第4章 【丸井甘】おかし。
「…なぁ、お前、お菓子もってるだろ。」
「…え…?」
放課後、女子テニス部のあたしは、部活に行こうと廊下を歩いていた時のこと。
ガムを噛んだ赤髪の人が、すれ違い様にあたしの腕をつかみ、少しヨダレを滴ながら問いかけてきた。
…あぁ、このマヌケ顔は丸井ブン太…。
ブン太くんは、男子テニス部。
コートが隣同士だから、話したことはないけど顔と名前はわかる。
マヌケ顔、何て言ったけど本当はかなりのイケメン。
彼のファンも多いくらいだ。
「…クッキーだけど…。
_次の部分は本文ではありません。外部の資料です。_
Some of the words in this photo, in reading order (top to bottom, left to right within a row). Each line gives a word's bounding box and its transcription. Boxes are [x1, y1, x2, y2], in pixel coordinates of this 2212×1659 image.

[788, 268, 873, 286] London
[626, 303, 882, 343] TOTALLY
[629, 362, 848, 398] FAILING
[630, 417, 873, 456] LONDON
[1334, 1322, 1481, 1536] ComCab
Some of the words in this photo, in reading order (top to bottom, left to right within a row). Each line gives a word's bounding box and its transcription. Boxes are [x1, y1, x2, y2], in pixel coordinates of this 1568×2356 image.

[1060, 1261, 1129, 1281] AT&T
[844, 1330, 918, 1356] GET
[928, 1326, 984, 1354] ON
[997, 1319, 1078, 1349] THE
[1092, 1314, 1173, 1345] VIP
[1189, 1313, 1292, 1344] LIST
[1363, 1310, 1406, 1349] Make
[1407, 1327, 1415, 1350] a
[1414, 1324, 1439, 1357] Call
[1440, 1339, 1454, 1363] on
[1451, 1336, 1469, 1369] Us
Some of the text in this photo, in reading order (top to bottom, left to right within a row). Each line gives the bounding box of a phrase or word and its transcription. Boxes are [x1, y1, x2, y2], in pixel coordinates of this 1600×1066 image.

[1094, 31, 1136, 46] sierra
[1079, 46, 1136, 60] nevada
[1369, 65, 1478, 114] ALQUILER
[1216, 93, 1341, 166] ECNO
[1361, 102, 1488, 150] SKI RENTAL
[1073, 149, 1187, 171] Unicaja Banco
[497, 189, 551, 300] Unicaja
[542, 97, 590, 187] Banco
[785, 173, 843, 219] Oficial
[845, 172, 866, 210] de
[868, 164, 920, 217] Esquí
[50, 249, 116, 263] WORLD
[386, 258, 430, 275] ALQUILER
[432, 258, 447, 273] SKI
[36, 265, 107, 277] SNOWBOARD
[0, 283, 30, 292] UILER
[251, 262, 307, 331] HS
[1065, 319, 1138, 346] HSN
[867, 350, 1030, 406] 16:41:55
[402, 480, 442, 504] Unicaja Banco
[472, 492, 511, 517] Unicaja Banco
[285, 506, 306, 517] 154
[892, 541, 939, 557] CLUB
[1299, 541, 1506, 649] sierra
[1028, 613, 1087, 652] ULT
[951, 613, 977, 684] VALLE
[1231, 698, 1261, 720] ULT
」
「くれっ!!」
「…はぁっ!?」
初めて話す人に物をすがるなんて…。
しかもこれは、一応手作りクッキーだ。
「頼むよー。な??」
う…。
目の前で手をあわせて、
上目遣いで見つめてくるブン太くんがちょっと可愛いと思ってしまうあたしは、
どうかしてるのかな…??
「ダメですっ!!部活終わってからのあたしの楽しみなんだから!!」
あたしは、そういい残してダッシュで走りさった。
だって、あの場にいたらあたし…。
ブン太くん好きになっちゃいそうだったから。